Era noite funda quando abriu a porta
desengonçada e penetrou no interior da habitação. Acendeu a candeia e a sua
fraca luz pareceu-lhe um imenso clarão e, nele, distinto e bem recortado apareceu-lhe
– no delírio febril - a imagem de um Presépio, no local onde havia pensando
erigir um altar para colocar o Menino Jesus de madeira e, que, agora lhe sorria.
Era um Presépio como nunca vira outro.
Aturdido pela dor que o consumia, Pedro
Tomé deixou-se cair agarrado à Imagem de Jesus que sacou de um dos bolsos do
casaco de onde escorriam alguns flocos de neve.
E foi naquele delírio que pensou ver à
sua frente rosado e lindo um Menino Jesus que estava ali deitado nas palhas louras
daquele Presépio encantado, como se o estivesse a chamar. Debruçado sobre Ele julgou
abraçá-l’O, enquanto no êxtase que o dominava levou os seus dedos a acariciar
os cabelos louros de Jesus, tendo sobre si os olhares atentos e carinhosos de
S. José e de Nossa Senhora, enquanto os seus lábios se colavam aos beijos à
velha Imagem que os anos haviam amarelecido, prefigurando ver nela a escultura
do Menino Jesus de madeira que não pudera adquirir.
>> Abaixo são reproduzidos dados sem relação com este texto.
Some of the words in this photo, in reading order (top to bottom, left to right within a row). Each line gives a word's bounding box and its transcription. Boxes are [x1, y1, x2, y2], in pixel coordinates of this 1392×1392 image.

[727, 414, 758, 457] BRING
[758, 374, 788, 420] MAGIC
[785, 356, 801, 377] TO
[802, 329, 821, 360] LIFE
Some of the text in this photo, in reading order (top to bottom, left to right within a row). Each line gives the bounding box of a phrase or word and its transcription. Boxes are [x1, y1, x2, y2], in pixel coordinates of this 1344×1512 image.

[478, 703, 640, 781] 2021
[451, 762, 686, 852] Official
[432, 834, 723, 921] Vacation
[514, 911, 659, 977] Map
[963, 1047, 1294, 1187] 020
E foi neste preparo que, por fim,
adormeceu, até se dar conta que na manhã do Dia de Natal uma ténue claridade lhe
entrava em poalhas de luz através do janelo voltado a Nascente, mas de tal modo
que lhe beijava o rosto como se fora um acaricia. Ainda mal acordado respirou
fundo e de imediato sentiu-se aliviado da dor física que tanto o havia
incomodado e, até, ao passar a mão pela testa sentiu que a febre cedera.
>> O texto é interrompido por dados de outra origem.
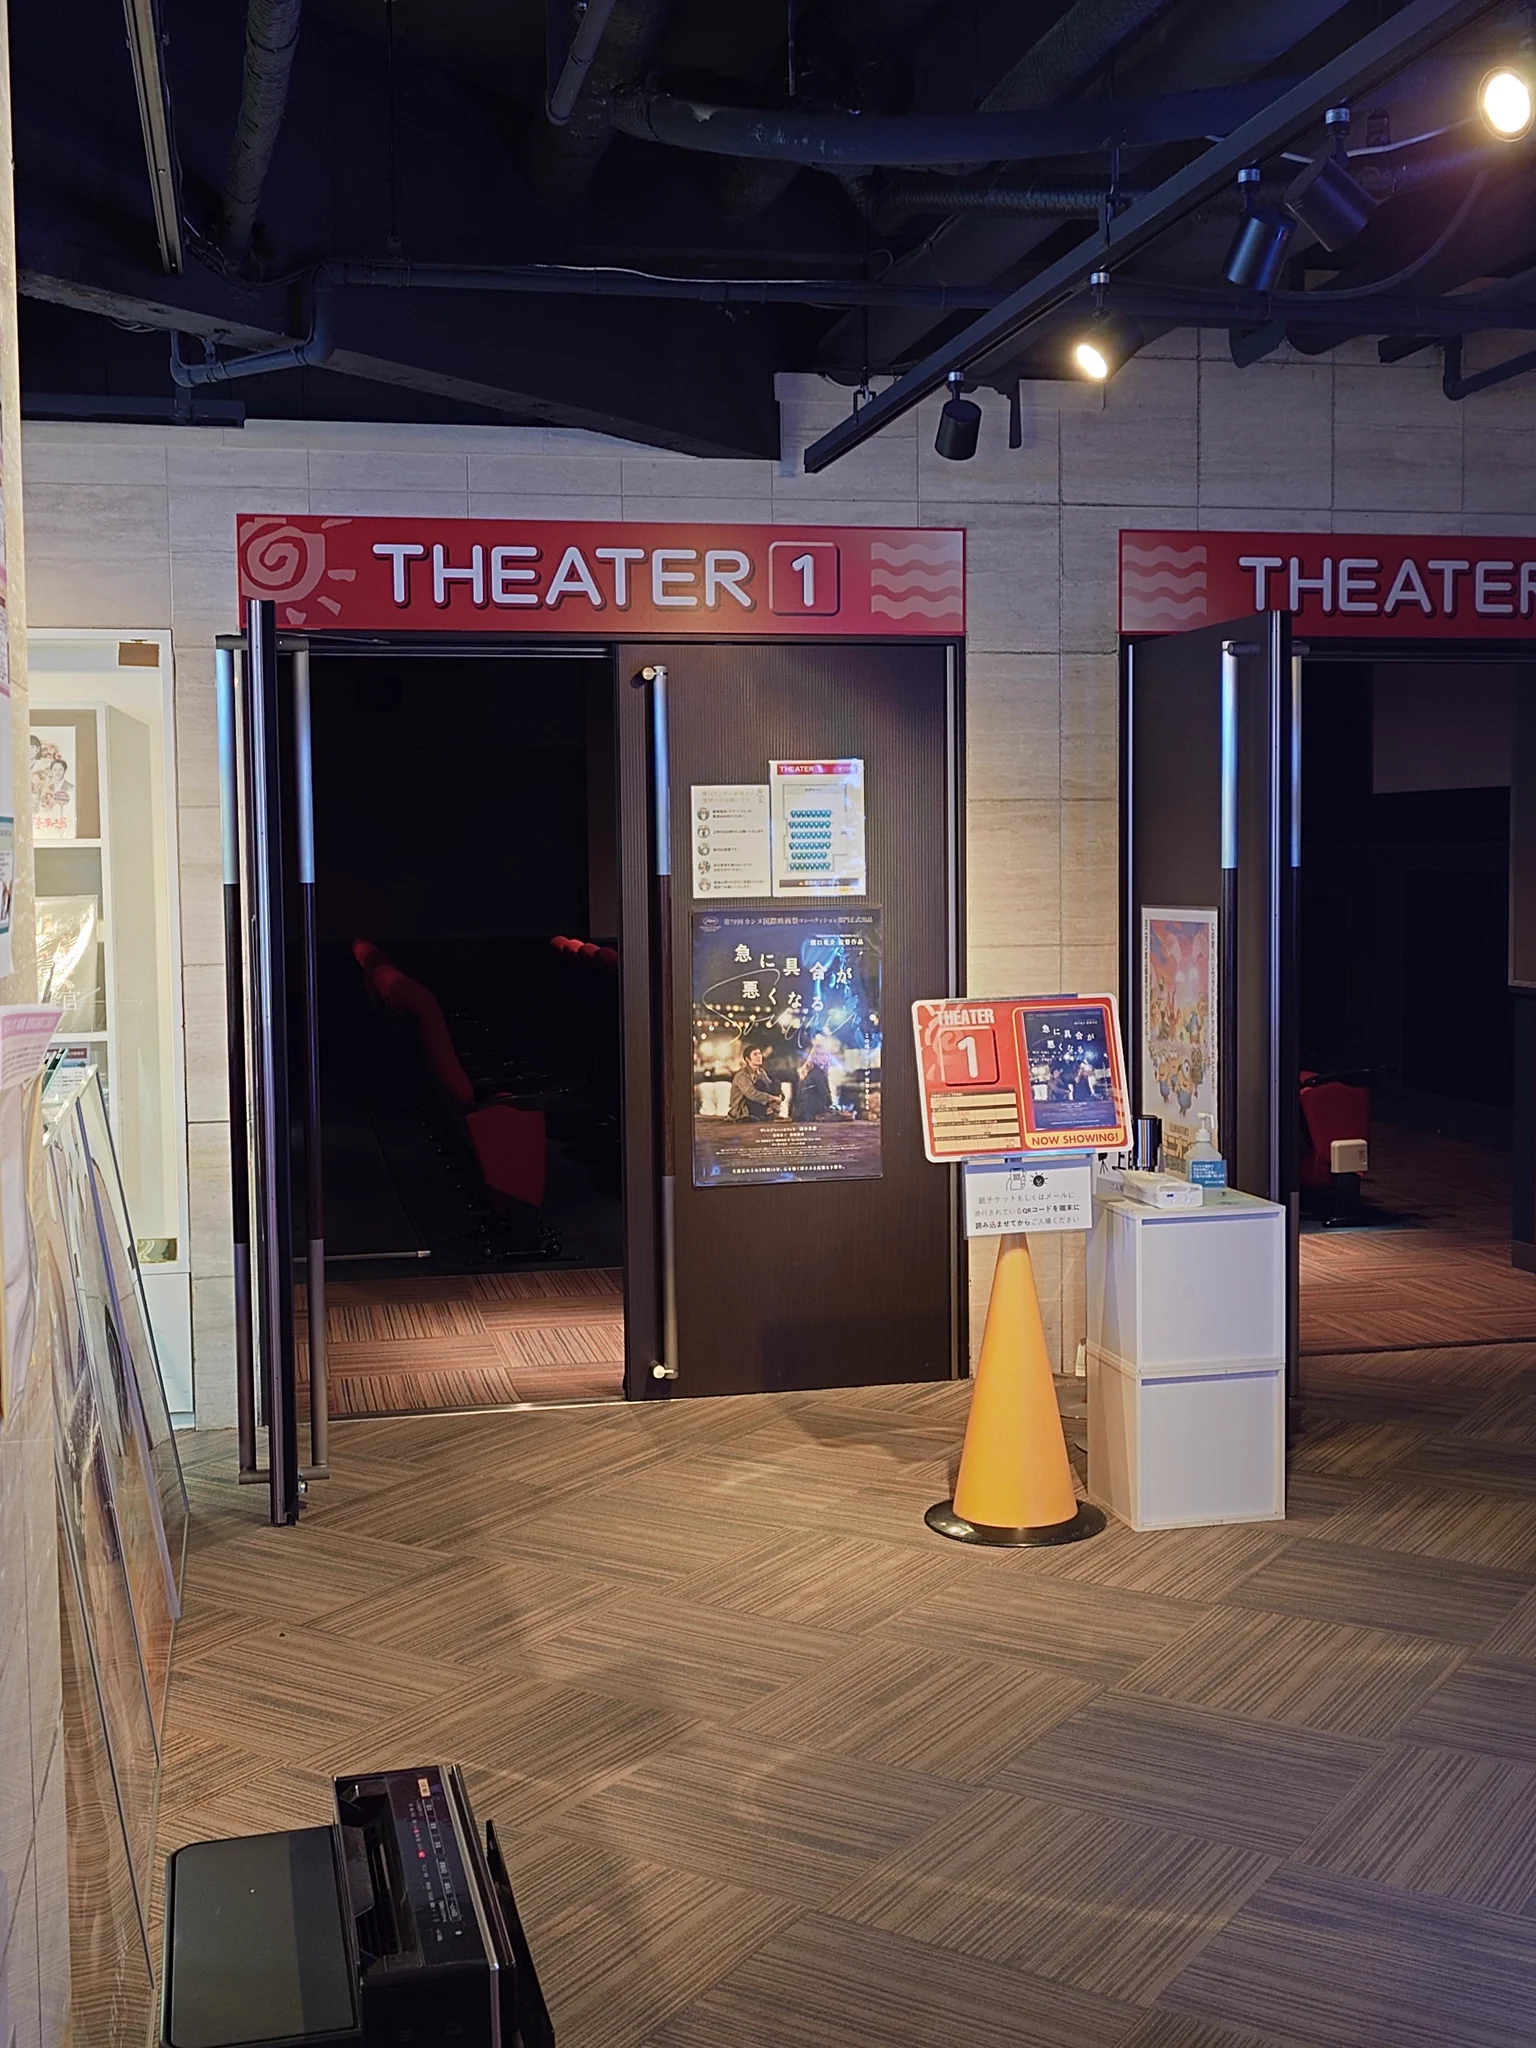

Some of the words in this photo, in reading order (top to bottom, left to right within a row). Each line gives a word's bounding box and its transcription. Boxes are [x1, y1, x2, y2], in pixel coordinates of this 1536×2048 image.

[372, 543, 753, 607] THEATER
[792, 553, 815, 607] 1
[779, 765, 815, 773] THEATER
[742, 980, 824, 1011] 悪くなる
[935, 1008, 995, 1026] THEATER
[957, 1034, 979, 1079] 1
[1032, 1135, 1059, 1146] NOW
[1063, 1132, 1119, 1144] SHOWING!
[978, 1192, 1075, 1204] 紙チケットもしくはメールに
Foi no decorrer do exame “clínico” que
fazia a si mesmo que ouviu alguém chamar à porta do casebre:
- Pedro Tomé.
- Quem é?... já vai.
Ergueu-se, vestiu o velho sobretudo e ao
abrir a porta deu de caras com o Sr. Lopes, o dono da loja da vila, que ele bem
conhecia.
- Seja bem-vindo… que faz aqui, senhor
Lopes?...entre se faz favor.
E, solícito, abriu de para a par a porta
da humilde habitação.
- Olha, Pedro Tomé. Hoje é Dia de Natal… tempo de fazer bem. Trago-te
aqui uma prenda… espero que gostes dela.
- Uma prenda? - Obrigado…mas…
- Deixa-te disso e abre. É para ti.
Pedro Tomé, tremente, abriu o embrulho e
retirou dele, com as lágrimas a correr-lhe pela face o Menino Jesus de madeira
que lhe quisera comprar.
Foi a soluçar que agradeceu:
- Obrigado. Que Jesus e o bom Deus lhe
paguem tão valioso dado.
E num ímpeto com a estatueta do Menino
Jesus agarrada contra o peito com a sua mão direita, com a outra mão abraçou
profundamente o Sr. Lopes, ficando assim por alguns momentos aquele quadro
belíssimo, com Jesus de braços abertos a unir os corações dos dois homens, um
por ter cumprido o preceito do amor humano e o outro, grato ao irmão mais
afortunado e a Jesus que naquele dia nascera, mais uma vez, por amor de todos
os homens.
Conta-se que Pedro Tomé erigiu na pobre
habitação o altar que tanto ambicionara para o Menino-Jesus e ao ter feito
d’Ele sob todos os aspectos a sua maior riqueza, dizia para quem o queria
ouvir, ser o homem mais rico do mundo.